Mas, uma semana depois do apagão, e apesar de “o balanço que fazemos ser positivo”, há problemas que permanecem e que “devem ser levados muito a sério”, destaca o bastonário, que, ao DN, se queixou de o setor continuar isolado de qualquer plano de contingência nacional ou da área da Saúde para situações de emergência e da falta de “uma reserva estratégica nacional de medicamentos”.

Hélder Mota Filipe afirma mesmo que “se o apagão tivesse durado 24 horas, 48 ou 72, como inicialmente se previa, haveria um corte no fornecimento dos medicamentos.

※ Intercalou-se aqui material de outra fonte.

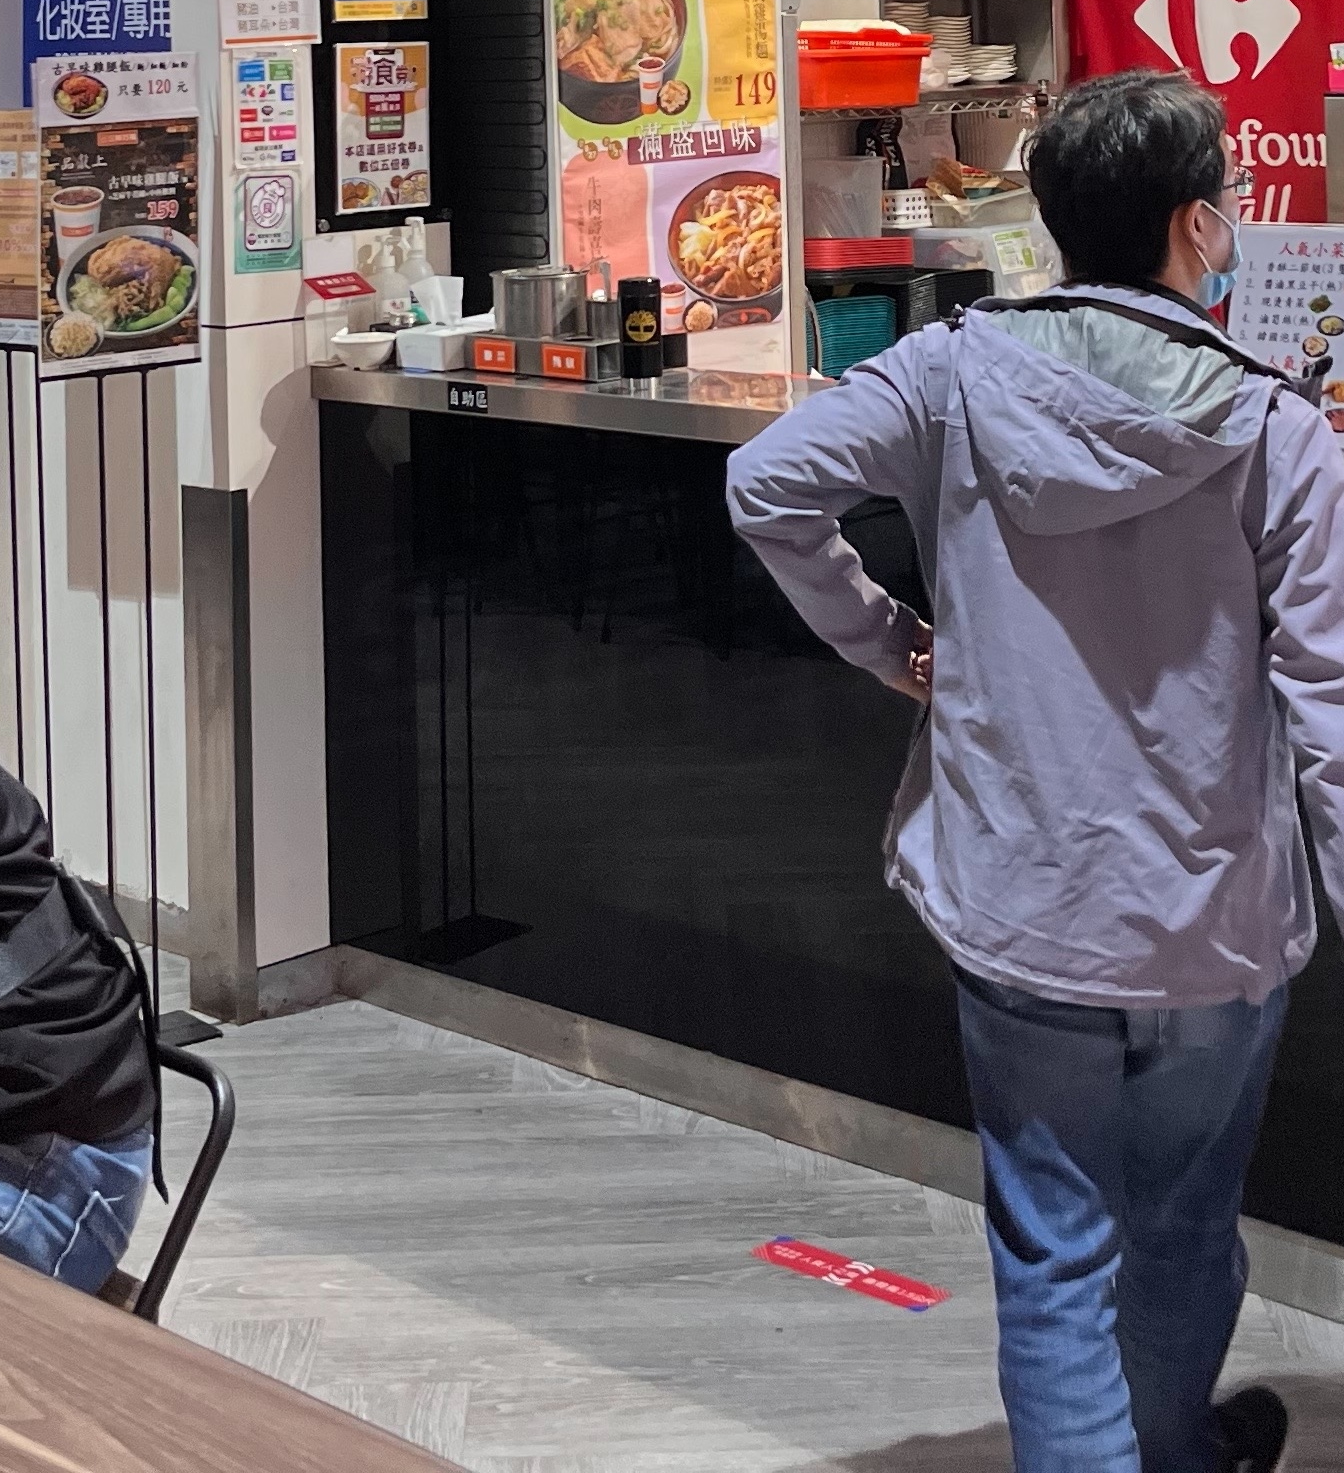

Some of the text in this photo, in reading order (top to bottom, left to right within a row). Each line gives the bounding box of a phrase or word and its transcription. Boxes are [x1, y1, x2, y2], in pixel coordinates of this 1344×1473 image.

[147, 79, 171, 95] 120
[735, 71, 777, 106] 149
[637, 116, 757, 162] 滿盛回味
[147, 199, 179, 220] 159
[1278, 242, 1344, 258] 人氣小菜
[450, 387, 488, 408] 自助區

As situações que agora conseguiram ser bem geridas, tornavam-se mais problemáticas”.

Para o bastonário, “as farmácias conseguiram manter-se em funcionamento porque têm uma das melhores redes europeias a nível informático e de comunicação”, mas, tal, não impediu que “houvesse situações de stress”.

Ao DN especificou que “houve dificuldade no acesso às receitas eletrónicas e só através do guia de tratamento que muitos doentes trazem foi possível vender medicamentos”. Mas não só. Houve ainda dificuldade na leitura de preço dos medicamentos, sobretudo quando estes não faziam já parte da ficha do utente, porque as embalagens não indicam o preço, e sem este não poderia efetuar-se a venda.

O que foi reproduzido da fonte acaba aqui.